Some graduates have gone on to substantial careers, including Sinead Lohan, Mick Flannery, Stephanie Rainey and Niall Connolly, as well as various members of The High Kings, Walking on Cars, The Frank and Walters, and Ten Past Seven.

The course can now also claim a connection to the Choice Music prize ‘Irish Album Of The Year’ award, as this year’s winner, O Emperor, formed while their members were studying at Stiofain Naofa.

Mick Flannery studied on the course in the mid-2000s, as he prepared his first EP and worked on his debut album,

“I got a lot from the Music, Management, and Sound Course,” said Mick. “I got to know a large group of people around my age that had similar interests. I guess, I got to place myself amongst them and see where relative strengths/weaknesses were. It has certainly helped to shape this year, in particular, for me, as the project [turning his concept album, Evening Train, into a stage musical] I started whilst on the course is making it to the Everyman this summer, for the first time.”

Someone much earlier on their career path is current student Lorraine Nash, who credits Mick’s experiences as a reason she enrolled. “My guitar teacher, James Kennedy, in Tralee, told me about the course. James is a well-known musician in Kerry and his opinion is widely respected. I had also heard that Mick Flannery was a past pupil, so that inspired me to come here.”

She looks forward to presenting some of her own solo material, as well as working with various combinations of her peers, for the ‘Live ‘n’ Gigging’ showcase.

Lorraine Nash.
Lorraine Nash.

“I’ll be performing some original songs and I’ll be joining other bands for backing vocals and keyboards. We also traditionally do a ‘full cast’ number at the end of the show. It will be a significant song, as this year marks the 30th anniversary of the course.”

Her band line-up features some of the college’s ‘Hall Of Fame’. “On the night, my band will consist of James O’Mahony, of ‘The Cassettes’, on guitar, Aaron, of ‘Archaos’, on bass, and Alexa Newall and Denisa Kearney on backing vocals. I have known all of them from the course last year, but had never been in a band with them, until now. It’s so exciting to see my songs take shape with a full band of such talented musicians. And we are so delighted to have Brendan Fennessy, of O Emperor, joining us on drums.”

Lorraine credits the course with changing her life. “I now see this as a potential job or career, whereas I had seen it purely as a hobby, up to last year. I had no knowledge of the music industry and I focused solely on songwriting.

“I now understand how to engineer and mix my own recordings. I also have the industry knowledge that I need to release and promote my songs, and I have a clearer vision of how I can navigate the murky waters of the music industry. We have professionals from every area of the music industry coming in to give us workshops and lectures in media, writing, performing agency, and promotion. It’s invaluable to get this first-hand information and contact.

“I am now involved in a community of musicians, which hadn’t been the case, and I know that we’ll work together in the future.”

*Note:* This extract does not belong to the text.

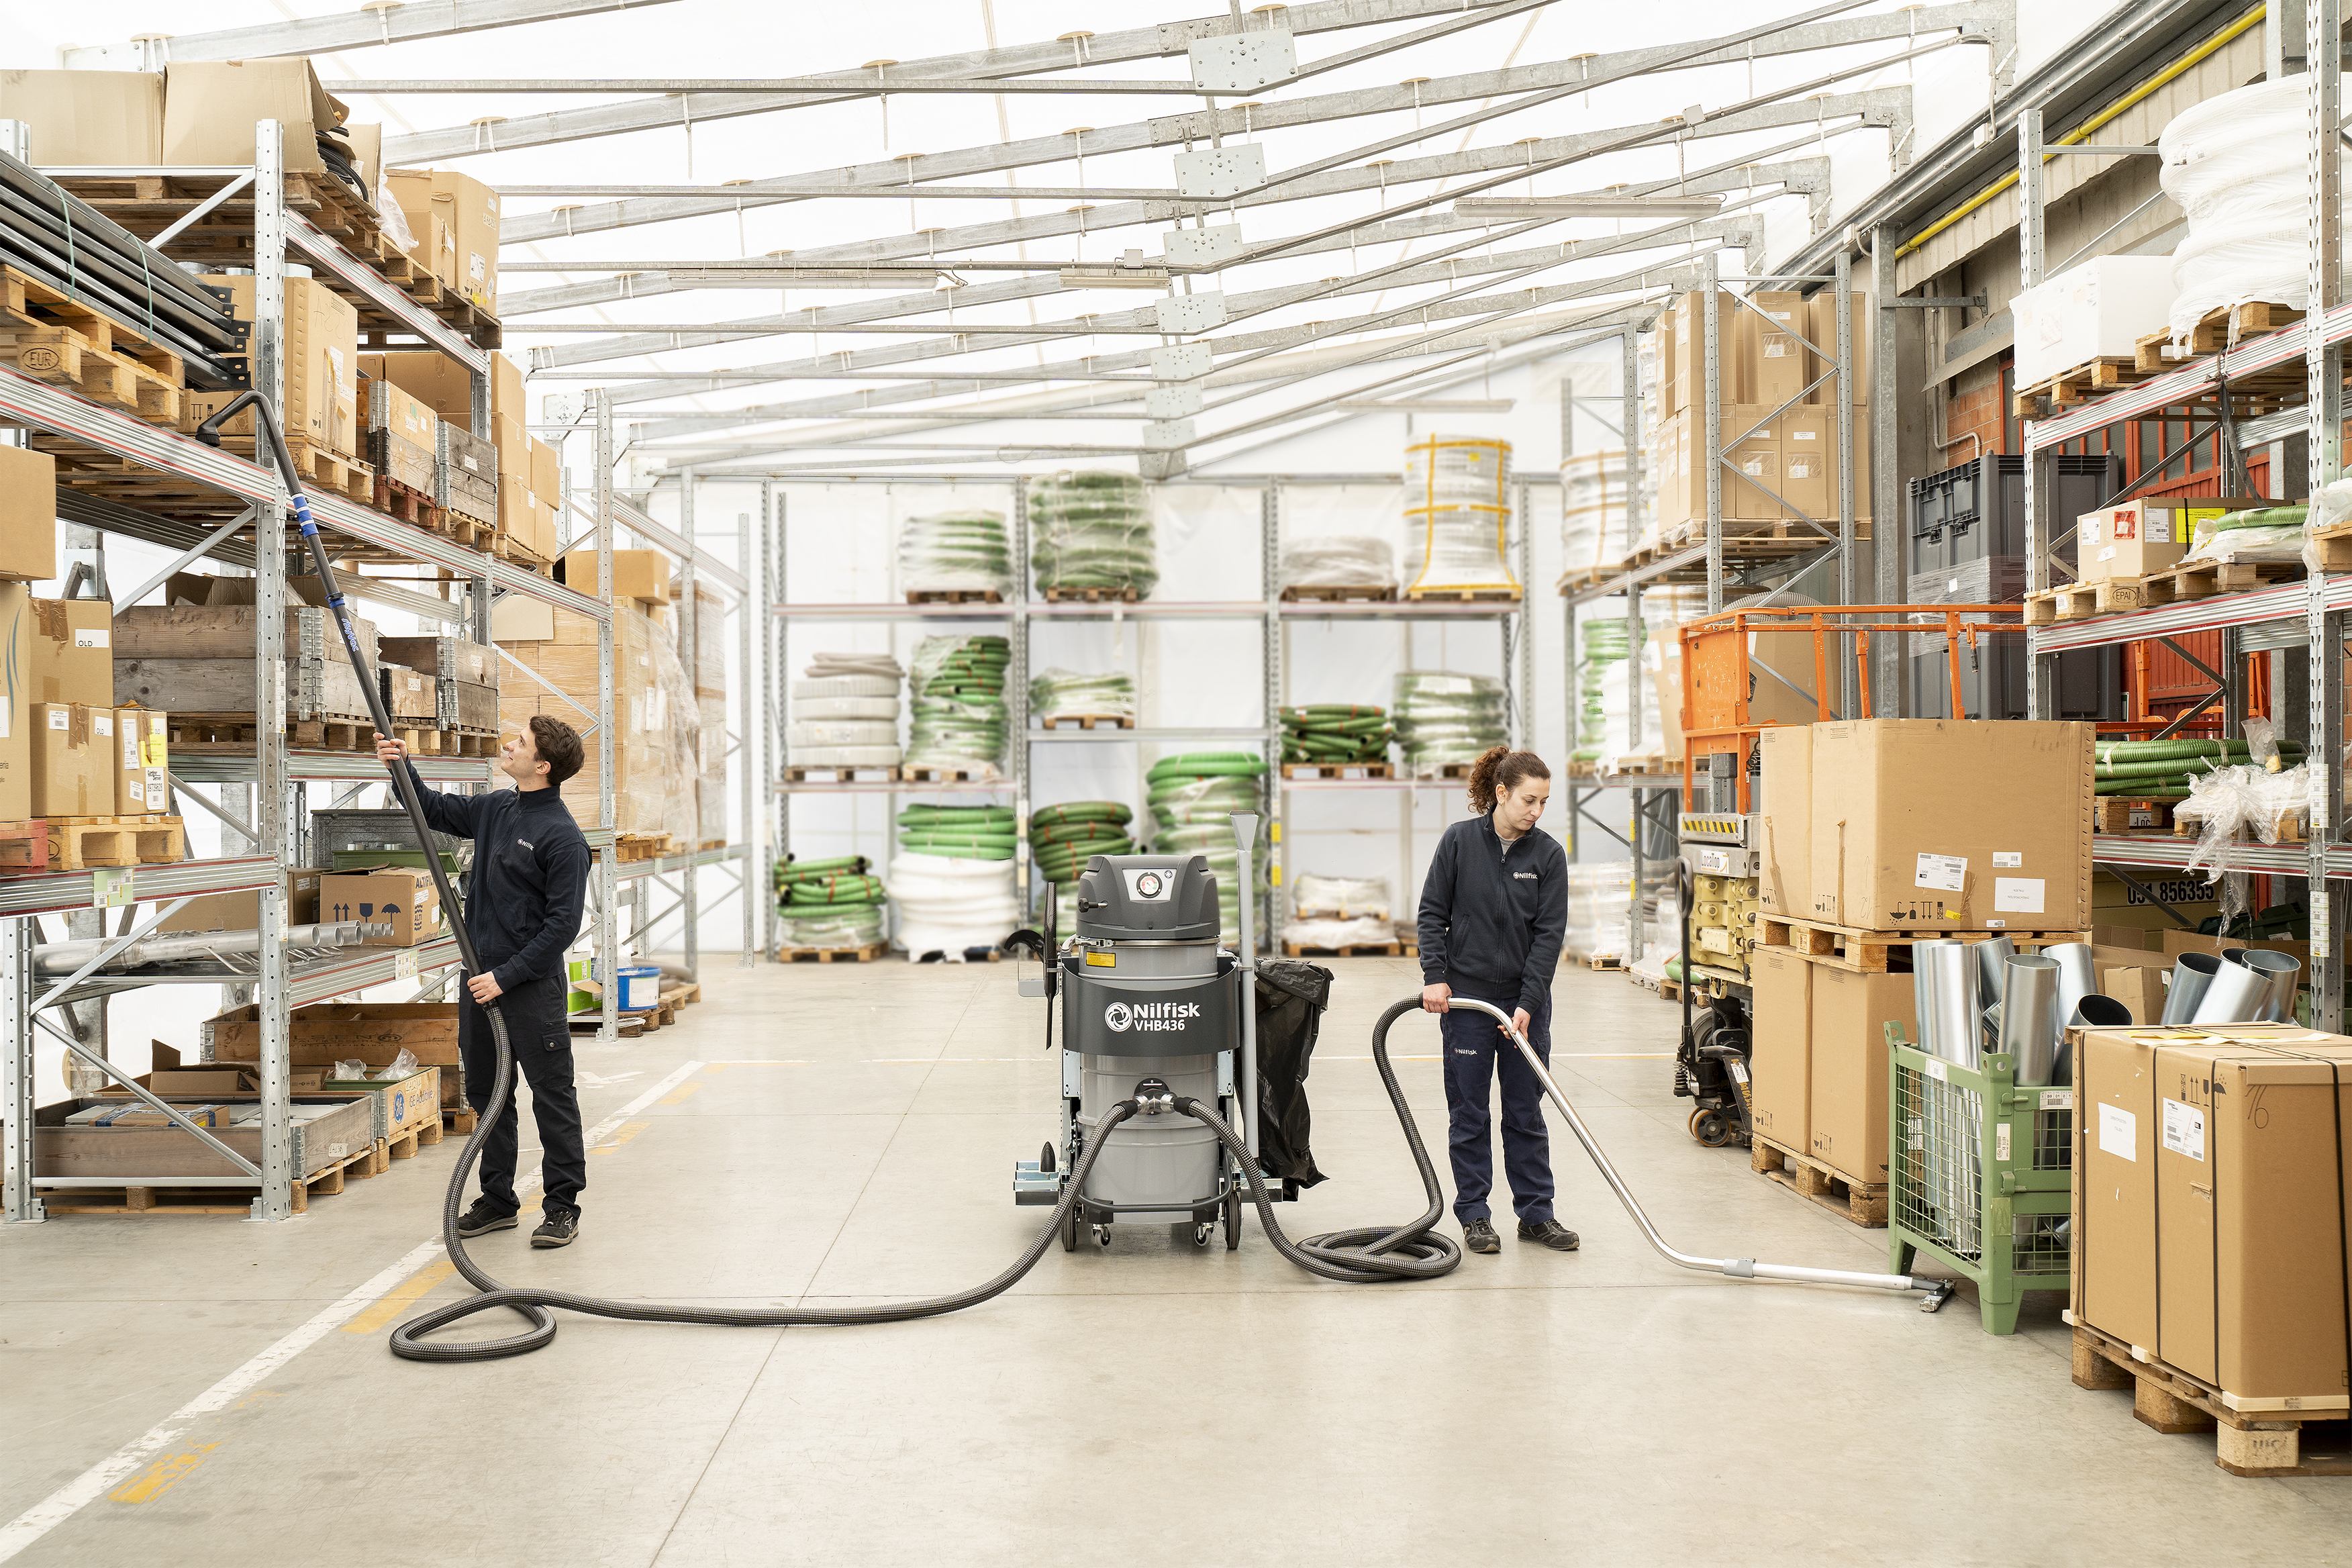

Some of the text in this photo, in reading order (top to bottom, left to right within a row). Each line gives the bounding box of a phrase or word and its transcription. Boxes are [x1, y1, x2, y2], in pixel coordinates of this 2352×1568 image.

The longevity of the course is equalled by the variety of styles of music that it has facilitated. Lorraine’s traditional Irish and folk-influenced music will be counterpointed by Dead Network, a four-piece rock band that has been building a reputation for their passionate, tight, live performances; Colm O’Brien, a multi-instrumentalist, who most recently won the the CIT Battle Of The Bands competition with his band, Ora Fantoma, will be playing a solo set of his own original material; vocalists such as Taylor O’Leary, a soulful R’n’B singer from Cork; Denisa, who draws inspiration from some of the most lauded of female acts, Etta James, Aretha Franklin and Alabama Shakes; and Wet Tooth, a duo who describe themselves as “an eye-opening and mouth-watering display of youth.”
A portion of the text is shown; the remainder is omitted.